Data extracts >>
□ □ □
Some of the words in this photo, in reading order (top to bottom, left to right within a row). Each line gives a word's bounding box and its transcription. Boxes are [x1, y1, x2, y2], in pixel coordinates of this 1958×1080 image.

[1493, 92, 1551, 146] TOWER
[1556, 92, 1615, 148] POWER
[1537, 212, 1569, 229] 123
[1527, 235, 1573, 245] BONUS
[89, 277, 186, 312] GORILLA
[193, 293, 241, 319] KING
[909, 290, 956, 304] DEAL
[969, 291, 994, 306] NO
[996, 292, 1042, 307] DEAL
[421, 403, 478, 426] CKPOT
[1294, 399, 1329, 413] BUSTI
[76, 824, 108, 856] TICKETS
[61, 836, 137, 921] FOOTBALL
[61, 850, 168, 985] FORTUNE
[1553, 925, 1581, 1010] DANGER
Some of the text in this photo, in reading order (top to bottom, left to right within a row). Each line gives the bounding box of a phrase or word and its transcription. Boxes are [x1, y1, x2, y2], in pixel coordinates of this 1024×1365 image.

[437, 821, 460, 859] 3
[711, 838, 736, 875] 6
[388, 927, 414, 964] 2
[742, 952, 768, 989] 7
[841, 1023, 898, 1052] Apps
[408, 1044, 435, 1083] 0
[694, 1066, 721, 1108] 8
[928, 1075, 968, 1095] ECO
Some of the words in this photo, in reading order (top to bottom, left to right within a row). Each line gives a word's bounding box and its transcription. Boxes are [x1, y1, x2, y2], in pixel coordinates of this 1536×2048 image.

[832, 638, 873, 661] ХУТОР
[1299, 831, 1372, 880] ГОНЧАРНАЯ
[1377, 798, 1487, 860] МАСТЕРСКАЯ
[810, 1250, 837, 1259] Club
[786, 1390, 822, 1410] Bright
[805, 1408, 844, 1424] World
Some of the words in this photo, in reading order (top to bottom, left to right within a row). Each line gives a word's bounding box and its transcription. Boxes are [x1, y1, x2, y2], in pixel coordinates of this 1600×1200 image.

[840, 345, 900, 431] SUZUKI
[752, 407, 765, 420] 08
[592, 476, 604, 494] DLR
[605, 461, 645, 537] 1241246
□ □ □
Work instruction >> The expected response is every record, reproduced word for word.

Response box >>
Some of the words in this photo, in reading order (top to bottom, left to right within a row). Each line gives a word's bounding box and its transcription. Boxes are [x1, y1, x2, y2], in pixel coordinates of this 1958×1080 image.

[1493, 92, 1551, 146] TOWER
[1556, 92, 1615, 148] POWER
[1537, 212, 1569, 229] 123
[1527, 235, 1573, 245] BONUS
[89, 277, 186, 312] GORILLA
[193, 293, 241, 319] KING
[909, 290, 956, 304] DEAL
[969, 291, 994, 306] NO
[996, 292, 1042, 307] DEAL
[421, 403, 478, 426] CKPOT
[1294, 399, 1329, 413] BUSTI
[76, 824, 108, 856] TICKETS
[61, 836, 137, 921] FOOTBALL
[61, 850, 168, 985] FORTUNE
[1553, 925, 1581, 1010] DANGER
Some of the text in this photo, in reading order (top to bottom, left to right within a row). Each line gives the bounding box of a phrase or word and its transcription. Boxes are [x1, y1, x2, y2], in pixel coordinates of this 1024×1365 image.

[437, 821, 460, 859] 3
[711, 838, 736, 875] 6
[388, 927, 414, 964] 2
[742, 952, 768, 989] 7
[841, 1023, 898, 1052] Apps
[408, 1044, 435, 1083] 0
[694, 1066, 721, 1108] 8
[928, 1075, 968, 1095] ECO
Some of the words in this photo, in reading order (top to bottom, left to right within a row). Each line gives a word's bounding box and its transcription. Boxes are [x1, y1, x2, y2], in pixel coordinates of this 1536×2048 image.

[832, 638, 873, 661] ХУТОР
[1299, 831, 1372, 880] ГОНЧАРНАЯ
[1377, 798, 1487, 860] МАСТЕРСКАЯ
[810, 1250, 837, 1259] Club
[786, 1390, 822, 1410] Bright
[805, 1408, 844, 1424] World
Some of the words in this photo, in reading order (top to bottom, left to right within a row). Each line gives a word's bounding box and its transcription. Boxes are [x1, y1, x2, y2], in pixel coordinates of this 1600×1200 image.

[840, 345, 900, 431] SUZUKI
[752, 407, 765, 420] 08
[592, 476, 604, 494] DLR
[605, 461, 645, 537] 1241246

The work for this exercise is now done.